I recall moments when I’ve been at my darkest, when I felt like the act of living was just too much bother. I felt my least creative then. The last thing I would attempt was picking up a pen and writing, and yet, the act of expression is what eventually brings me back to life.
My commitment to my craft has become a commitment to stay sane, to keep the flow going, to say: I am alive, me, alive, still here. It leads me away from despair and back to life. But there is an opening up and a letting go in every creative act which can make you feel more vulnerable, which for some, may lead to suicide. I don’t know because my dark moments have always led me back.
Being an artist for me means being willing to bear the anxiety of creation. I must be willing to take the journey, wherever that may lead. For a while, I’m not in the driver’s seat which can feel like freedom or panic or both.
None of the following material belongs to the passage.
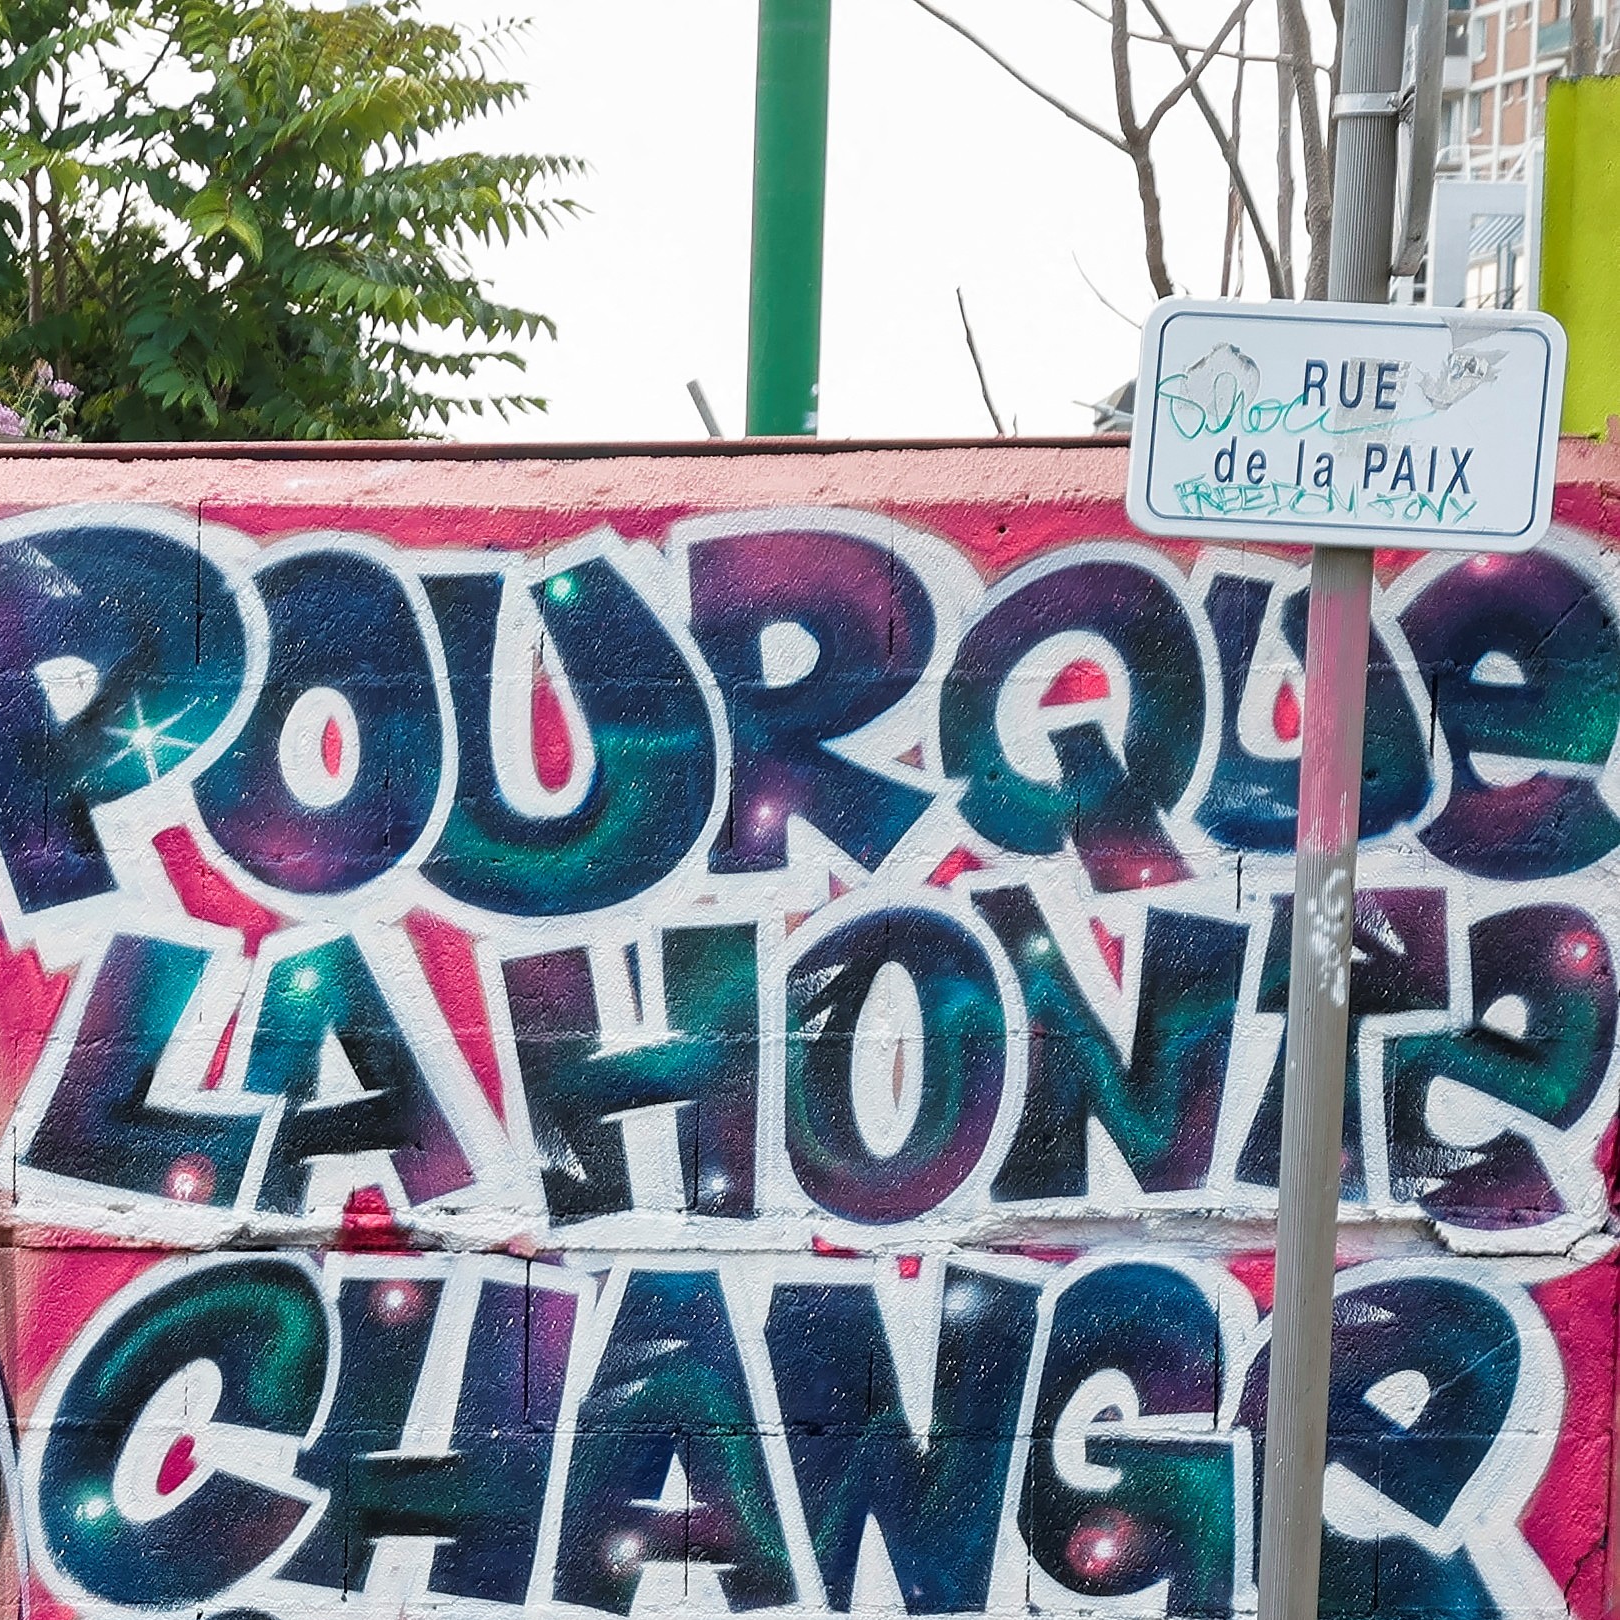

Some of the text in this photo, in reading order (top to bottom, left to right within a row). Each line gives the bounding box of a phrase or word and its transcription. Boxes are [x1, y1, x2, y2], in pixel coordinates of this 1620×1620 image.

[1301, 358, 1401, 411] RUE
[1213, 435, 1475, 495] de la PAIX
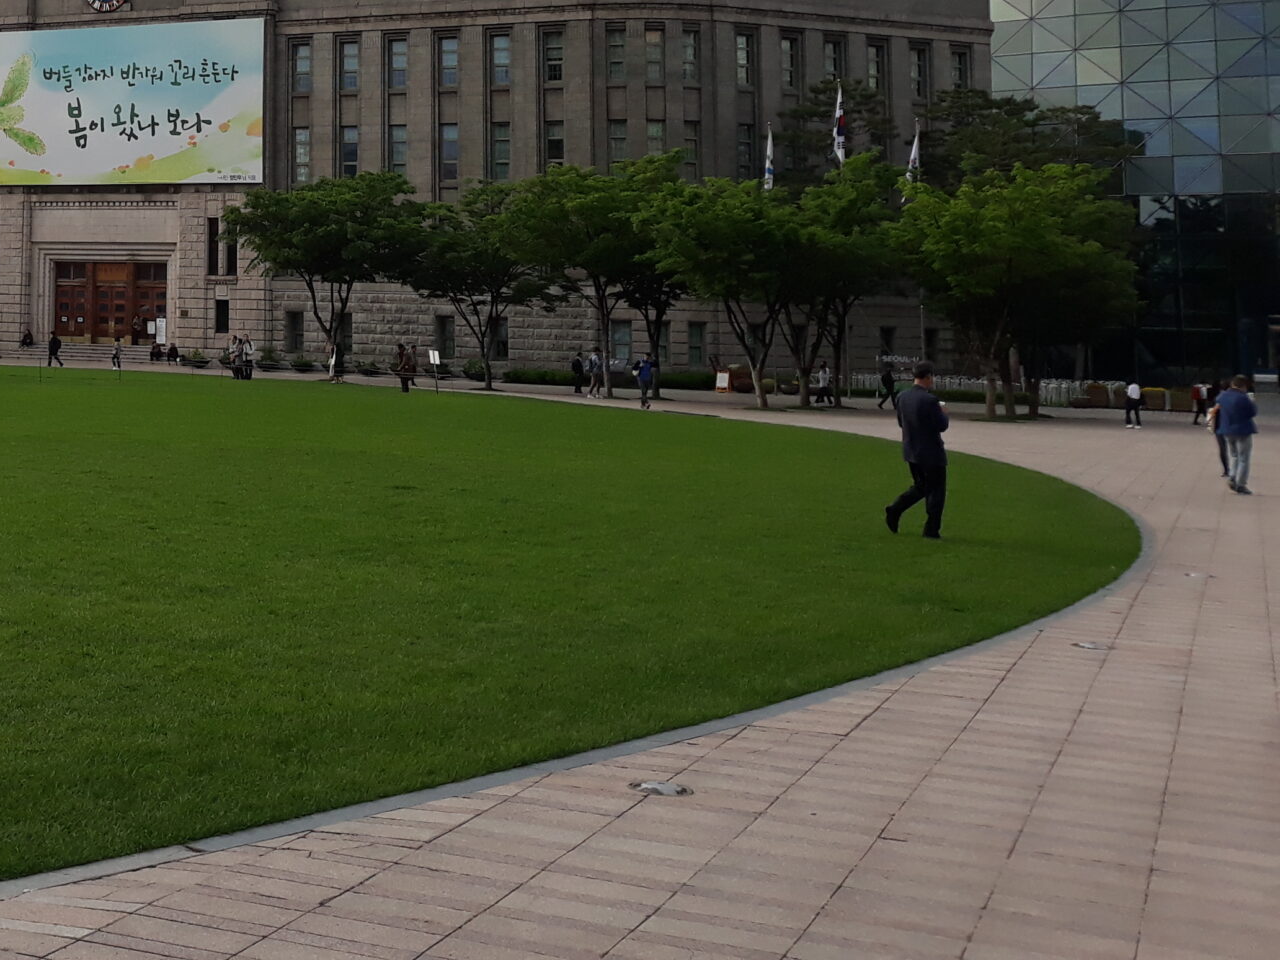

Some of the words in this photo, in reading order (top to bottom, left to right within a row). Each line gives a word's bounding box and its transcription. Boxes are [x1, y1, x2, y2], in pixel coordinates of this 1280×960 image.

As psychologist Rollo May said: “Creative people … are distinguished by the fact that they can live with anxiety, even though a high price may be paid in terms of insecurity, sensitivity, and defenselessness for the gift of the ‘divine madness.’ ”
Spalding Gray, I wanted you to visit your personal hell, take notes and come home and tell me the story. I take your stories with me. I remember them as the flames of my own misery lick my ankles. They remind me that I am not alone.
I will miss sitting in the audience feeling like I’m just across the desk from you, with your glass of water, plaid shirt and dark corduroy pants. You transported me into a world where self-loathing and neuroses butted up against hilarity. The granddaddy of the autobiographical monologue, you taught me that by paying meticulous attention to the details of my daily life – everything from boredom to despair — I could transcend self-indulgence, and might even be funny.
I wanted you to come home and tell me what happens when you disappear. Did you find the perfect moment?
Spalding Gray’s body was pulled from New York’s East River on March 7, 2004.